[Dataset excerpts]
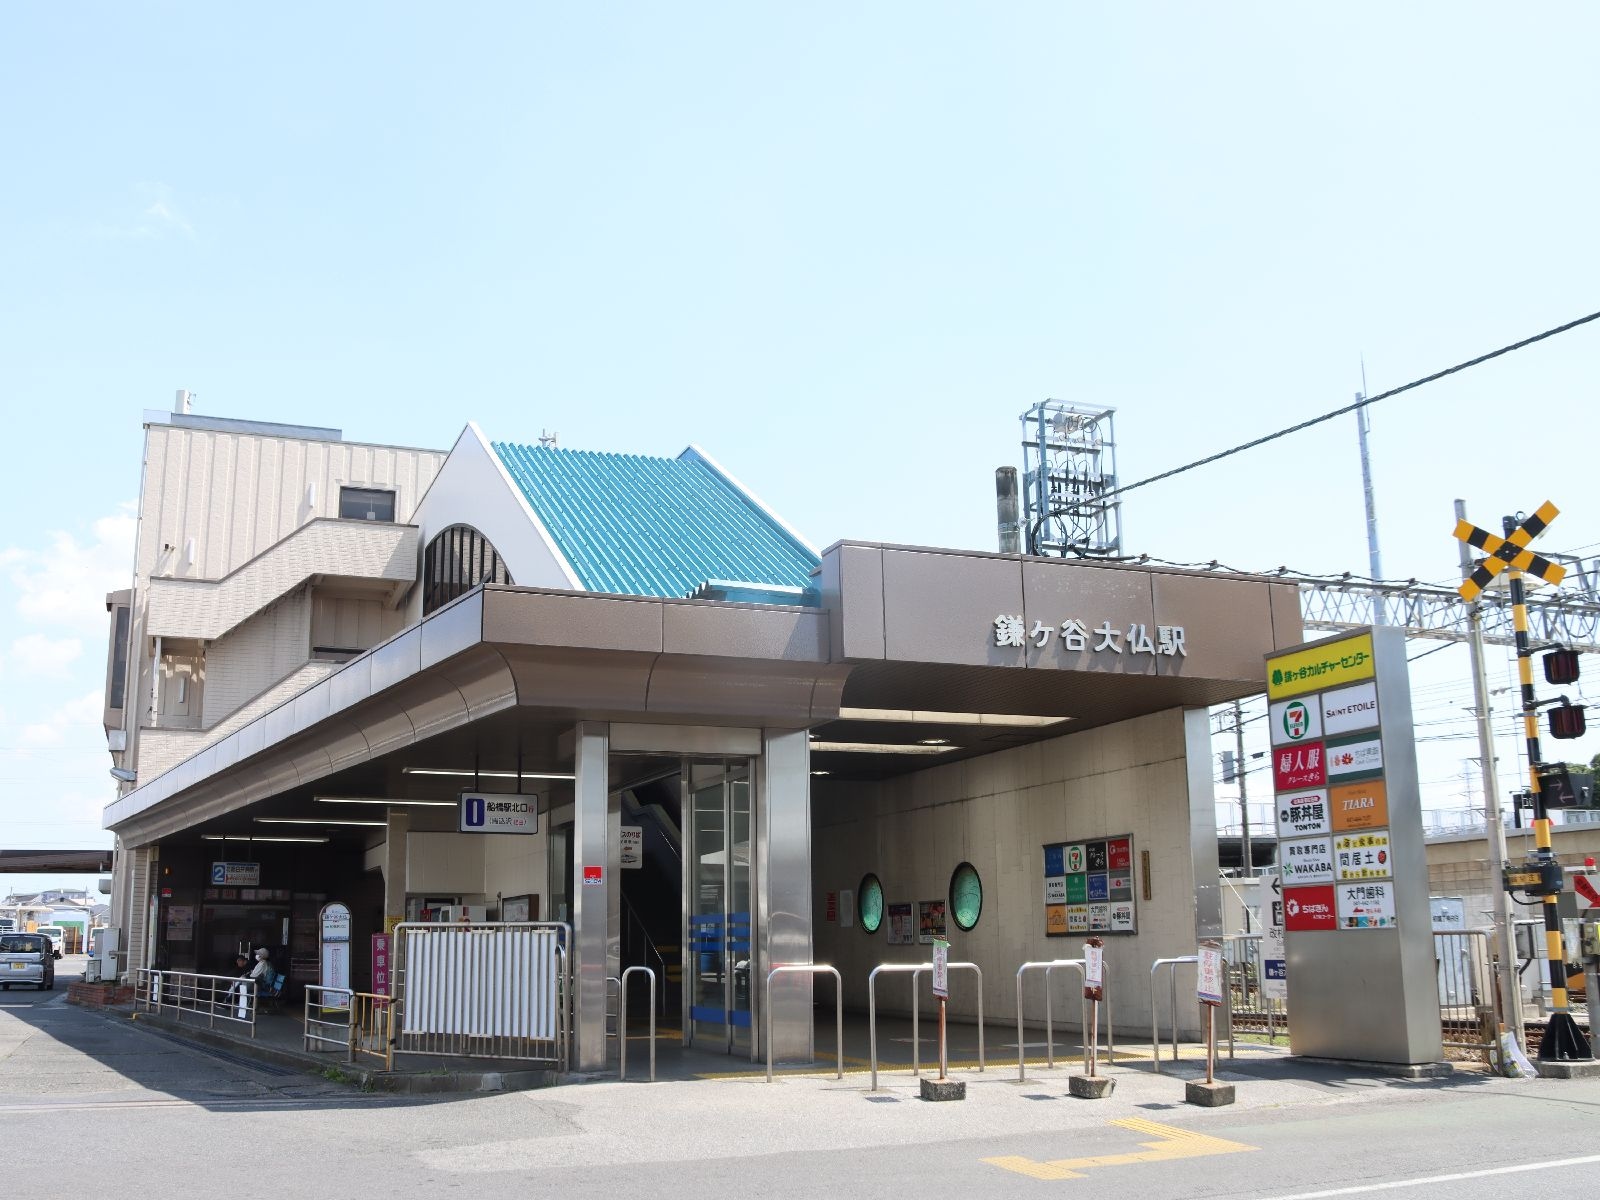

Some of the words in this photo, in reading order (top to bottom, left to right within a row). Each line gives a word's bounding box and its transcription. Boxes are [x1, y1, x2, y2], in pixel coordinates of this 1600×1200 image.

[1280, 748, 1320, 774] 婦人服
[1342, 797, 1375, 811] TIARA
[1290, 803, 1324, 823] 豚丼屋
[1294, 822, 1321, 831] TONTON
[1289, 844, 1326, 856] 買取専門店
[1294, 862, 1333, 874] WAKABA
[1347, 886, 1385, 900] 大門歯科

ASSIGNMENT: Write the records out in full, word for word; leave every picture behind.

EXERCISE RESPONSE:
Some of the words in this photo, in reading order (top to bottom, left to right within a row). Each line gives a word's bounding box and its transcription. Boxes are [x1, y1, x2, y2], in pixel coordinates of this 1600×1200 image.

[1280, 748, 1320, 774] 婦人服
[1342, 797, 1375, 811] TIARA
[1290, 803, 1324, 823] 豚丼屋
[1294, 822, 1321, 831] TONTON
[1289, 844, 1326, 856] 買取専門店
[1294, 862, 1333, 874] WAKABA
[1347, 886, 1385, 900] 大門歯科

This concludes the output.